The role of technologies within the macromarketing field has been largely overlooked yet their impacts have been profound on society and marketing. Technologies have disrupted market structures in both what and how value is devised and delivered to a range of stakeholders, such as firms, customers and others (see e.g., Wolf, 2009 and 2019; Rettberg, 2014; McAfee & Brynjolfsson 2017). In recent years, technological advancements include search tools, social media, content marketing, big data (and the open data movement), crypto-currencies, self-monitoring or Quantified Self (QS) movement (egs., Pantzar & Rickensten, 2015; Lupton, 2016), in-home/in-car voice activated assistants (eg., Siri, Alexa, Echo, Cortana), Internet of Things (IoT) and automata, among many others (Hoffman & Novak, forthcoming). Increasingly, these have underpinning artificial intelligence-based algorithms and novel designed interfaces (smart devices) that have influenced major shifts in the ways that markets operate and consumers experience traditional and emergent new products and services. Some may be ubiquitously and inconspicuously consumed within their environment and others are made visible through novel interfaces and touchpoints (Bode & Kristensen, 2016; van Doorn et al 2017).

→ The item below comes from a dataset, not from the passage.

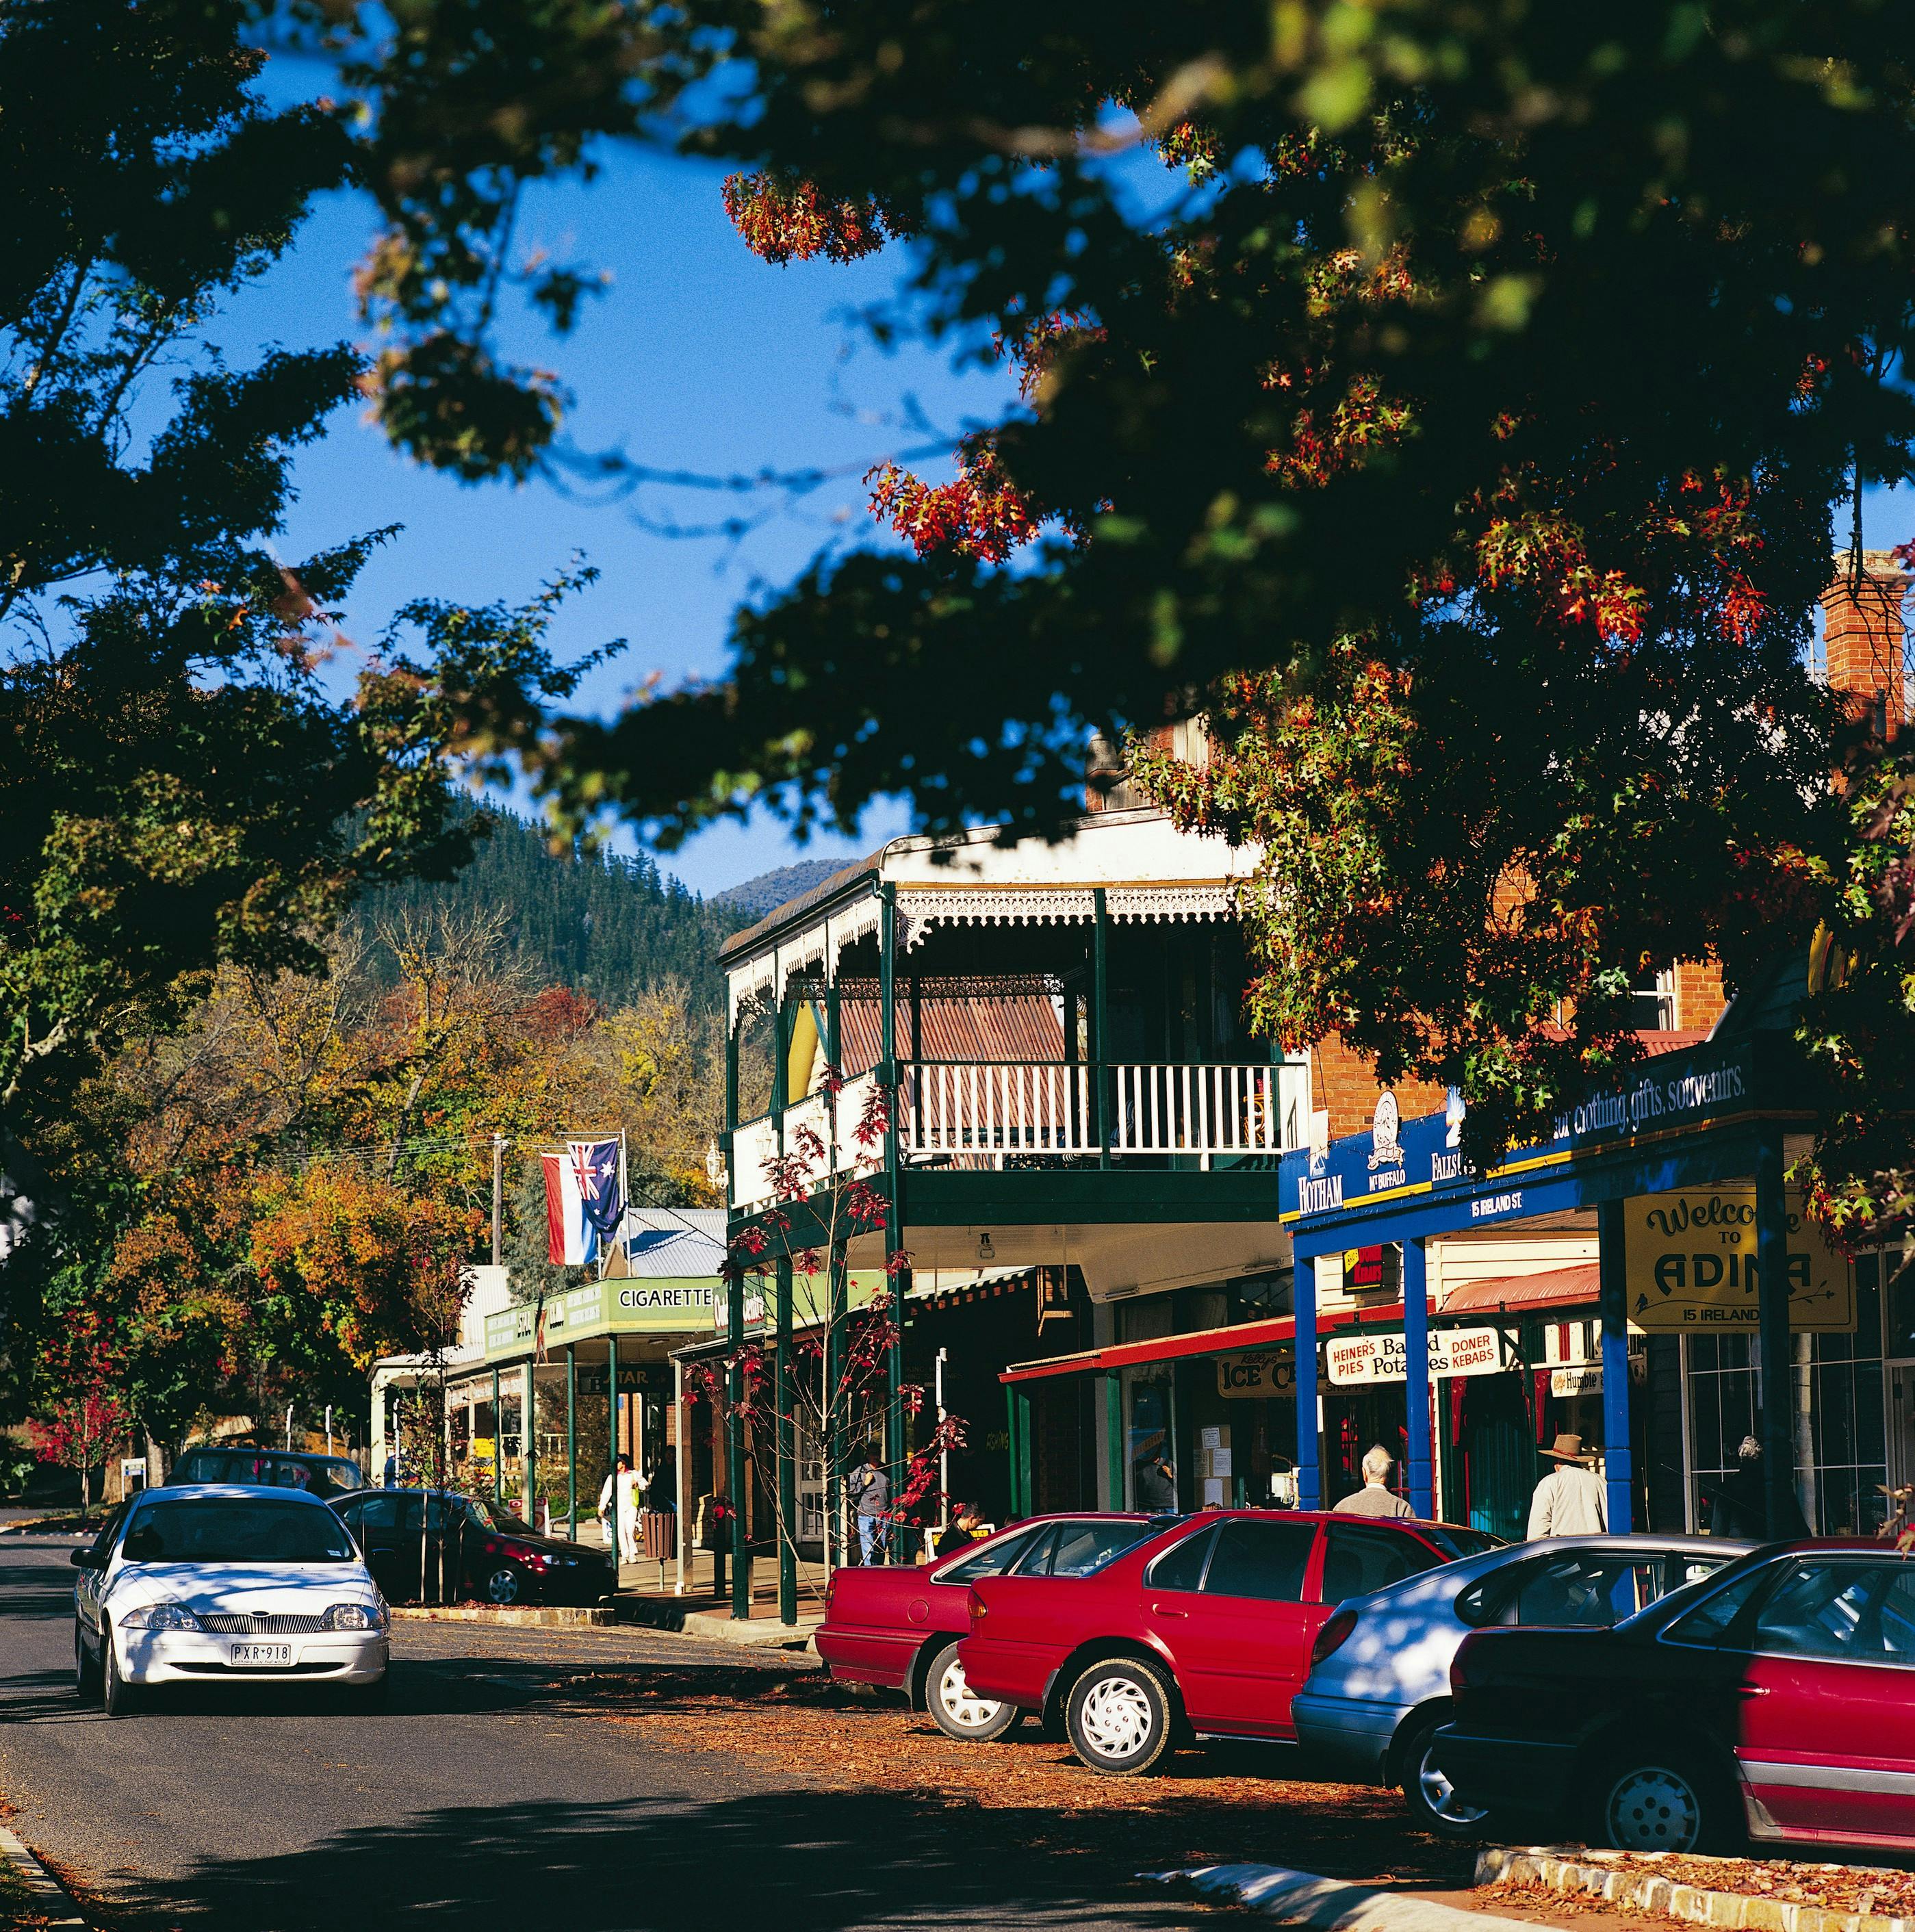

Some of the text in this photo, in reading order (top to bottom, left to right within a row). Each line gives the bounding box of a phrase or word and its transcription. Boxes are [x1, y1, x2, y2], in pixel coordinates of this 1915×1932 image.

Examples include sensor-based technologies that automate supply chains in firms and across service systems; automata including robots and AI devices provide novel services and engagement platforms such as policing, health and customer service desk information. Categories of robot are being considered as ‘caregivers’ (Kohlbacher & Rabe 2015), providing both cognitive and affective support that encompasses teaching and learning (di Lieto et al 2017) and emotional agency for human consumers and automated social presence actors (‘technology infusions’) are increasingly being considered within service contexts by firms to deliver consistent consumer experiences.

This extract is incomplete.